== Exercise ==
The copy you return should hold every record below word for word and no images.

Saved data entries
+ + + +
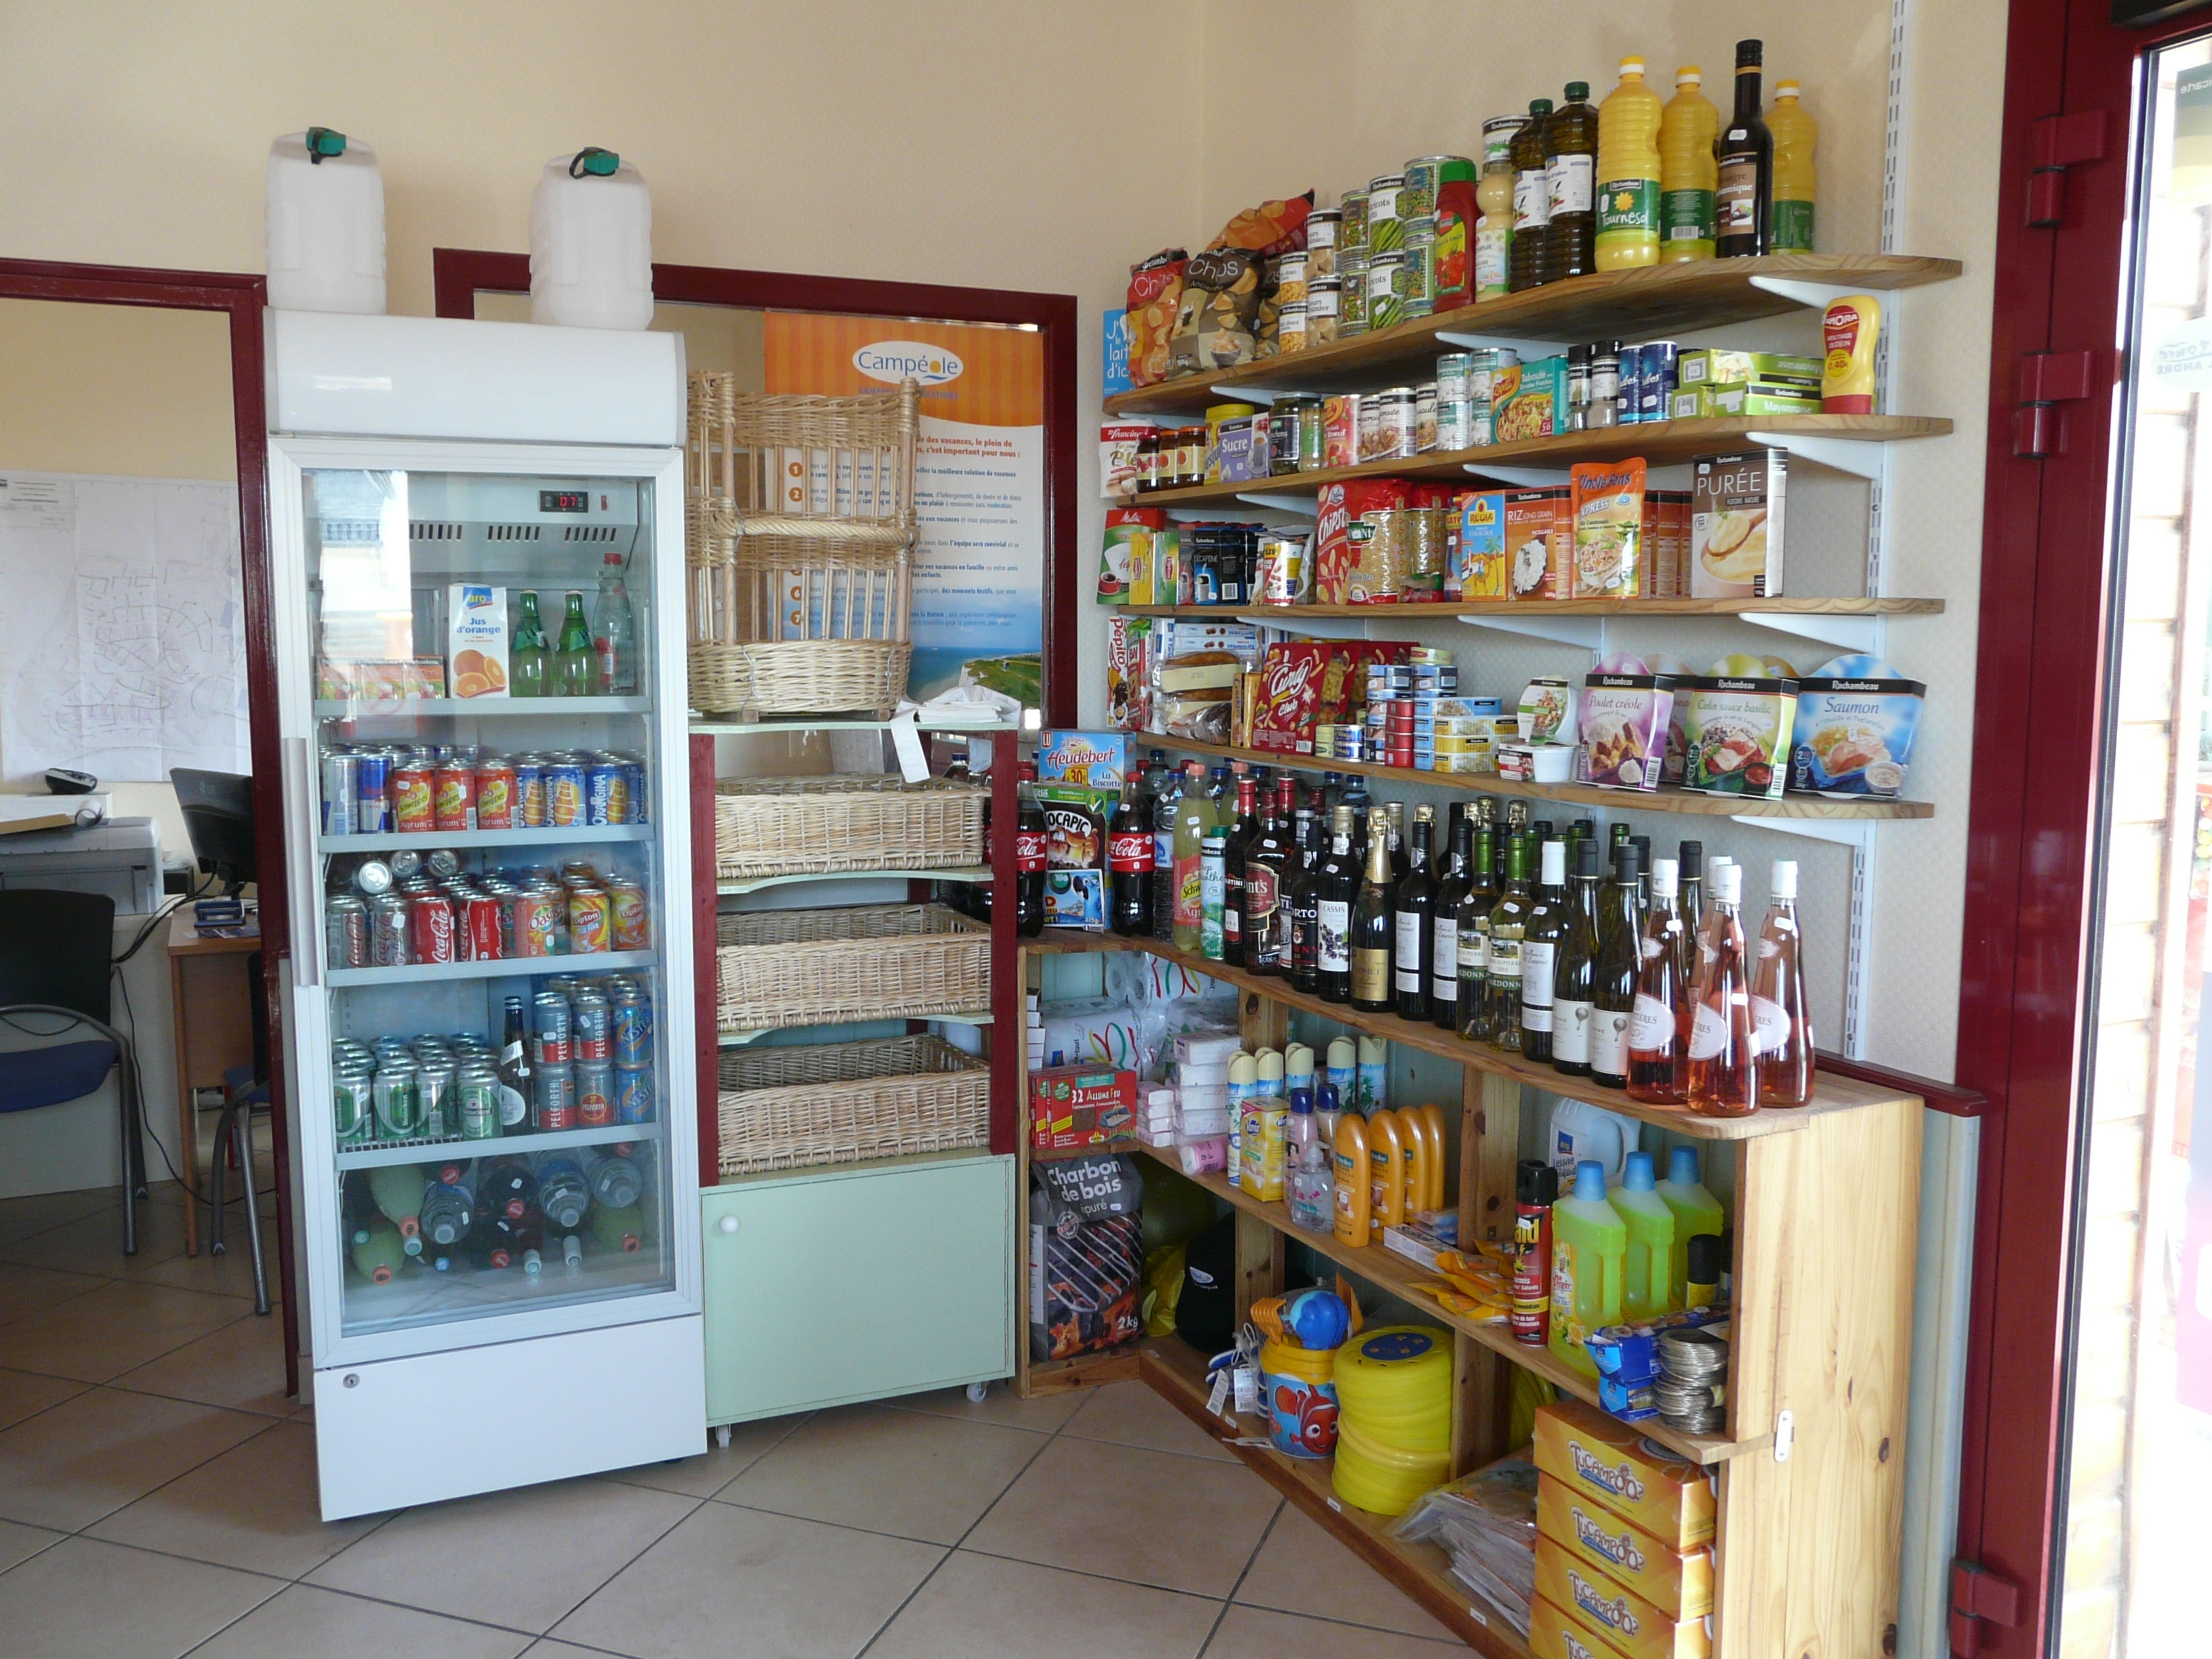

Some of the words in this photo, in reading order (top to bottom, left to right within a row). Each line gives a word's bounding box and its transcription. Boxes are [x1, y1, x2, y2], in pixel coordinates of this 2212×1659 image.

[859, 351, 958, 376] Campéole
[1107, 363, 1128, 379] d'ic
[1763, 400, 1813, 414] Mayonnaise
[940, 437, 975, 446] vacances,
[976, 438, 982, 446] le
[983, 439, 1002, 448] plein
[1003, 439, 1012, 447] de
[1222, 438, 1248, 453] Sucre
[926, 445, 943, 453] c'est
[943, 447, 980, 456] important
[981, 449, 998, 458] pour
[1696, 467, 1763, 497] PURÉE
[1579, 498, 1610, 516] XPRESS
[1469, 512, 1494, 523] REGIA
[1507, 510, 1523, 521] RIZ
[469, 595, 487, 603] aro
[469, 617, 487, 626] Jus
[456, 625, 501, 636] d'orange
[1110, 618, 1126, 666] Pépito
[1271, 663, 1310, 697] Curly
[1602, 676, 1633, 687] Rochambeau
[1717, 680, 1755, 690] Rochambeau
[1832, 680, 1880, 691] Rochambeau
[1589, 695, 1614, 708] Poulet
[1615, 695, 1643, 710] créole
[1697, 699, 1718, 711] Colin
[1719, 701, 1743, 712] sauce
[1744, 701, 1773, 714] basilic
[1824, 696, 1880, 714] Saumon
[1047, 745, 1117, 771] Heudebert
[1101, 771, 1111, 779] La
[1092, 779, 1123, 788] Biscotte
[1226, 878, 1244, 887] ARTINI
[1323, 905, 1345, 914] CASSIS
[573, 912, 600, 926] Lipton
[556, 1012, 567, 1061] PELFORTH
[594, 1009, 606, 1059] PELFORTH
[549, 1080, 562, 1128] PELFORTH
[1071, 1089, 1084, 1104] 32
[1047, 1158, 1122, 1187] Charbon
[1061, 1187, 1079, 1203] de
[1080, 1176, 1122, 1200] bois
[1080, 1197, 1108, 1218] épuré
[1515, 1218, 1540, 1244] aid
[1118, 1317, 1126, 1330] 2
[1126, 1316, 1139, 1330] kg
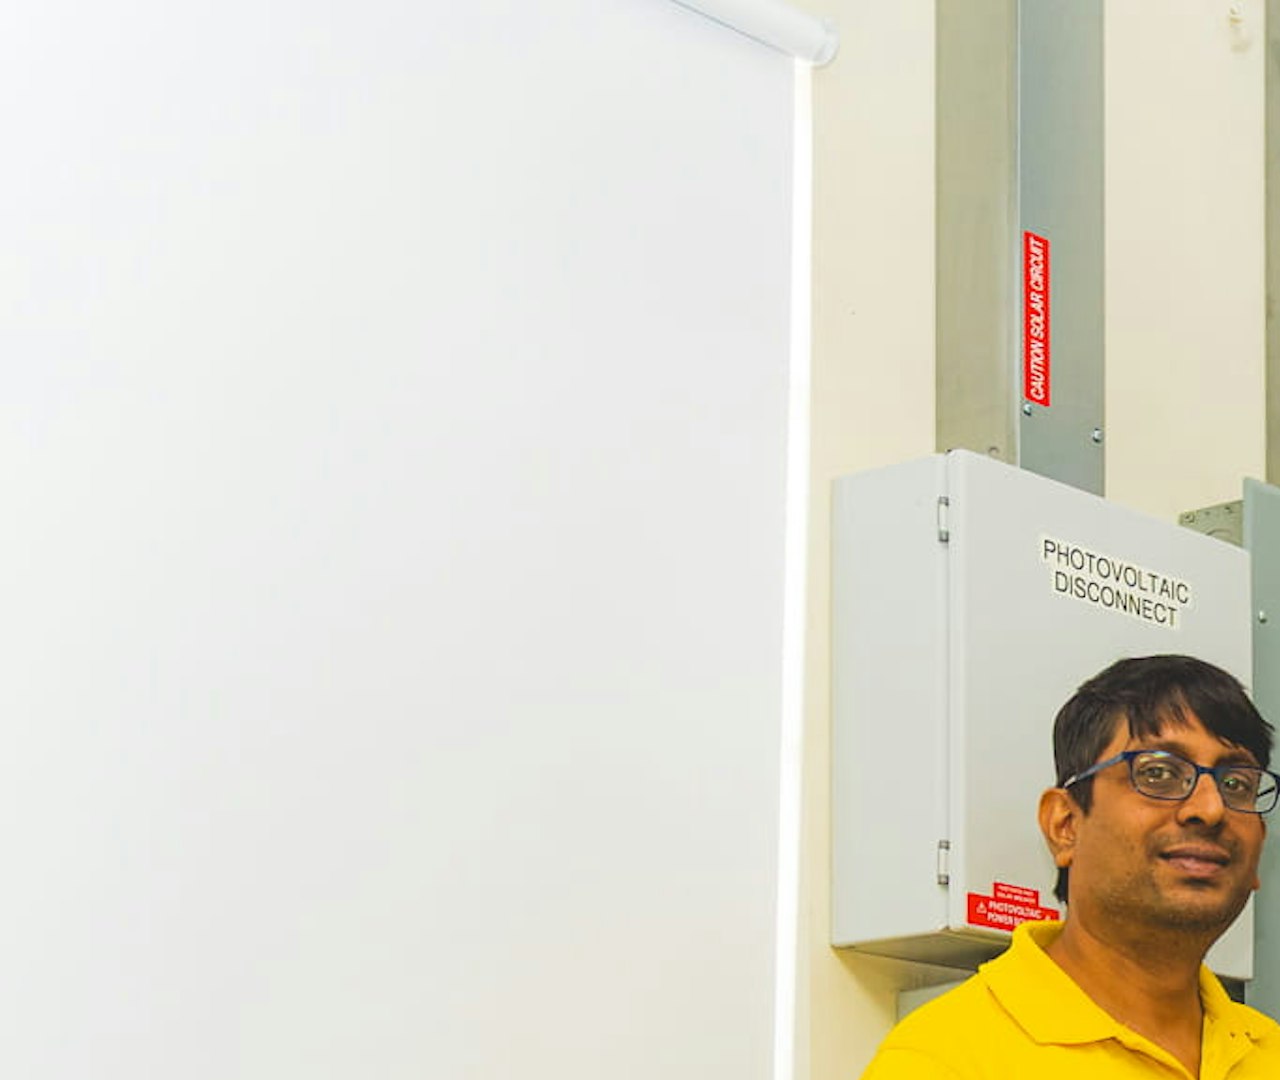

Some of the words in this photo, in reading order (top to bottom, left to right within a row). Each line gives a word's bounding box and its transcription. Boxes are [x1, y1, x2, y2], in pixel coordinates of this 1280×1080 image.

[1030, 236, 1045, 290] CIRCUIT
[1030, 291, 1046, 339] SOLAR
[1030, 339, 1046, 400] CAUTION
[1043, 539, 1189, 605] PHOTOVOLTAIC
[1055, 571, 1178, 626] DISCONNECT
+ + + +
== Problem solution ==
Some of the words in this photo, in reading order (top to bottom, left to right within a row). Each line gives a word's bounding box and its transcription. Boxes are [x1, y1, x2, y2], in pixel coordinates of this 2212×1659 image.

[859, 351, 958, 376] Campéole
[1107, 363, 1128, 379] d'ic
[1763, 400, 1813, 414] Mayonnaise
[940, 437, 975, 446] vacances,
[976, 438, 982, 446] le
[983, 439, 1002, 448] plein
[1003, 439, 1012, 447] de
[1222, 438, 1248, 453] Sucre
[926, 445, 943, 453] c'est
[943, 447, 980, 456] important
[981, 449, 998, 458] pour
[1696, 467, 1763, 497] PURÉE
[1579, 498, 1610, 516] XPRESS
[1469, 512, 1494, 523] REGIA
[1507, 510, 1523, 521] RIZ
[469, 595, 487, 603] aro
[469, 617, 487, 626] Jus
[456, 625, 501, 636] d'orange
[1110, 618, 1126, 666] Pépito
[1271, 663, 1310, 697] Curly
[1602, 676, 1633, 687] Rochambeau
[1717, 680, 1755, 690] Rochambeau
[1832, 680, 1880, 691] Rochambeau
[1589, 695, 1614, 708] Poulet
[1615, 695, 1643, 710] créole
[1697, 699, 1718, 711] Colin
[1719, 701, 1743, 712] sauce
[1744, 701, 1773, 714] basilic
[1824, 696, 1880, 714] Saumon
[1047, 745, 1117, 771] Heudebert
[1101, 771, 1111, 779] La
[1092, 779, 1123, 788] Biscotte
[1226, 878, 1244, 887] ARTINI
[1323, 905, 1345, 914] CASSIS
[573, 912, 600, 926] Lipton
[556, 1012, 567, 1061] PELFORTH
[594, 1009, 606, 1059] PELFORTH
[549, 1080, 562, 1128] PELFORTH
[1071, 1089, 1084, 1104] 32
[1047, 1158, 1122, 1187] Charbon
[1061, 1187, 1079, 1203] de
[1080, 1176, 1122, 1200] bois
[1080, 1197, 1108, 1218] épuré
[1515, 1218, 1540, 1244] aid
[1118, 1317, 1126, 1330] 2
[1126, 1316, 1139, 1330] kg

Some of the words in this photo, in reading order (top to bottom, left to right within a row). Each line gives a word's bounding box and its transcription. Boxes are [x1, y1, x2, y2], in pixel coordinates of this 1280×1080 image.

[1030, 236, 1045, 290] CIRCUIT
[1030, 291, 1046, 339] SOLAR
[1030, 339, 1046, 400] CAUTION
[1043, 539, 1189, 605] PHOTOVOLTAIC
[1055, 571, 1178, 626] DISCONNECT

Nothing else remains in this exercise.